たんじゅんこくし(ほくろ)
単純黒子(ほくろ)
いわゆる「ほくろ」のこと
8人の医師がチェック 94回の改訂 最終更新: 2018.11.13

単純黒子(ほくろ)の基礎知識

POINT 単純黒子(ほくろ)とは

単純黒子はいわゆる「ほくろ」のことで、メラニン色素をつくる細胞が変化してできます。単純黒子は特に症状もなく問題を起こすこともありませんが、悪性黒色腫(メラノーマ)と区別が必要なことがあります。悪性黒色腫と見分けるために専用虫めがね(ダーモスコピー)による診察や病理診断(ほくろの一部を取り出して顕微鏡でみる検査)を行うこともあります。基本的には治療は不要ですが、見た目が気になる場合は手術によって切り取ります。単純黒子は特に治療が必要ではありませんが、急に大きくなる場合は悪性黒色腫と見分ける必要があるので、皮膚科を受診してください。

単純黒子(ほくろ)について

  • いわゆる「ほくろ」のこと
  • メラニン色素をつくる色素細胞(メラノサイト)が変化した、母斑細胞と呼ばれる細胞のかたまり
    • 母斑細胞もメラニン色素を産生するので、褐色から茶色の平らな色素斑や皮膚から盛り上がったイボのようになる場合もある
    • 子供のころには平らでも、大人になると母斑細胞の数が増えて隆起する場合もある
  • 悪性黒色腫皮膚がんの一種)でないことを確認するために検査を行うこともある

単純黒子(ほくろ)の症状

  • 茶色から黒色の色素斑であったり、盛り上がってくるもの(結節)もある
  • 痛みは伴わない

単純黒子(ほくろ)の検査・診断

  • 必要に応じて悪性黒色腫など他の病気がないか調べる
    • ダーモスコピー:精度の高い虫めがねのようなもので詳しく観察する
    • 病理診断:ほくろの一部を採取して顕微鏡で検査する
      がん細胞の有無を直接調べることができる

単純黒子(ほくろ)の治療法

  • 基本的には良性腫瘍のため見た目が気にならなければ治療は必要ない
  • 大きい先天性の色素性母斑は悪性黒色腫が将来的に発生する可能性が通常より高いため、手術で取りきることも多い
  • 手術
    • 手術で病変を取りきる
    • 先天性の色素性母斑で大きい場合は何回かに分けて切除する

単純黒子(ほくろ)の経過と病院探しのポイント

単純黒子(ほくろ)でお困りの方

単純黒子、いわゆる「ほくろ」があるというだけであれば、特に病院を受診する必要はありません。

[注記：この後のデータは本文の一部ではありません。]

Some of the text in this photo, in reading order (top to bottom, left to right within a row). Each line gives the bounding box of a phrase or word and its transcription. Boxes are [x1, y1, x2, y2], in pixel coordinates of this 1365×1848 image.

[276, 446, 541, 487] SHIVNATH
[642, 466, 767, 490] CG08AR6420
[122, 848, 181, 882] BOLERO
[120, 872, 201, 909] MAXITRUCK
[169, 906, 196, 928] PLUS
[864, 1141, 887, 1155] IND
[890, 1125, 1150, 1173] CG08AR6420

新しくできたものでなおかつ急激に大きくなってくるほくろの場合は、悪性黒色腫という皮膚がんとの区別が必要になります。その場合は皮膚科クリニックの受診が勧められます。

単純黒子は基本的に見た目から診断します。単純黒子の検査では、悪性黒色腫と区別するために、ダーモスコピーという器具を使用して詳しく表面を観察したり、生検といってほくろの一部を採取して顕微鏡で観察する検査を行います。ダーモスコピーは通常の皮膚科クリニックにある器具なので、そのために大病院を受診する必要はありません。

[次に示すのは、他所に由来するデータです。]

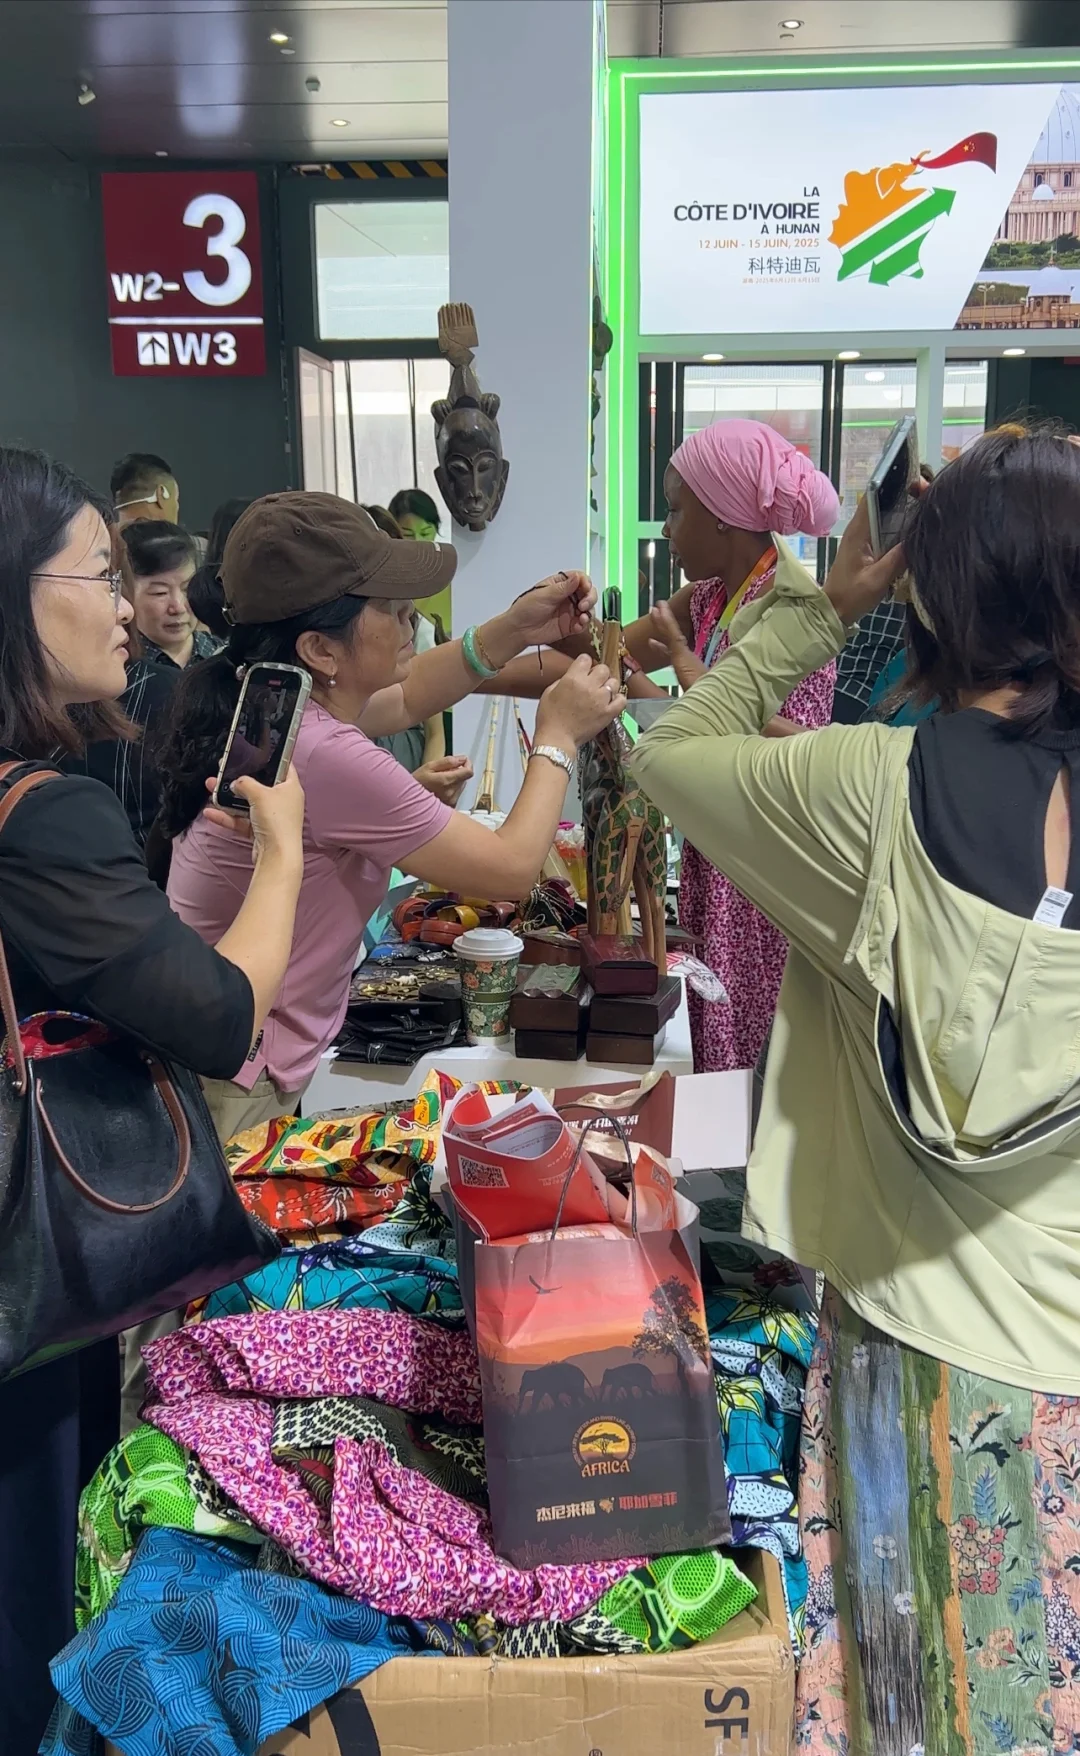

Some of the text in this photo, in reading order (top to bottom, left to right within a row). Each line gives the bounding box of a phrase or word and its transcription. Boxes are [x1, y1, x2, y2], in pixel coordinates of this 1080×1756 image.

[803, 187, 820, 197] LA
[674, 200, 820, 221] CÔTE D'IVOIRE
[760, 222, 820, 235] À HUNAN
[699, 240, 711, 249] 12
[713, 240, 738, 249] JUIN
[749, 239, 761, 249] 15
[763, 239, 792, 250] JUIN,
[794, 238, 820, 248] 2025
[748, 256, 820, 275] 科特迪瓦
[172, 331, 238, 366] W3
[581, 1459, 630, 1478] AFRICA
[536, 1491, 678, 1522] 杰尼来福 耶加雪菲
[704, 1686, 750, 1740] SF

単純黒子であれば基本的に治療は必要ありません。場所や大きさによって、見た目が気になる場合は、外科的に切除する手術も行われることがあります。切除術に関しても、小さい単純黒子であれば、クリニックで実施できることが多いです。悪性黒色腫であれば、手術が必要になります。詳しくは悪性黒色腫のページもご参考になさってください。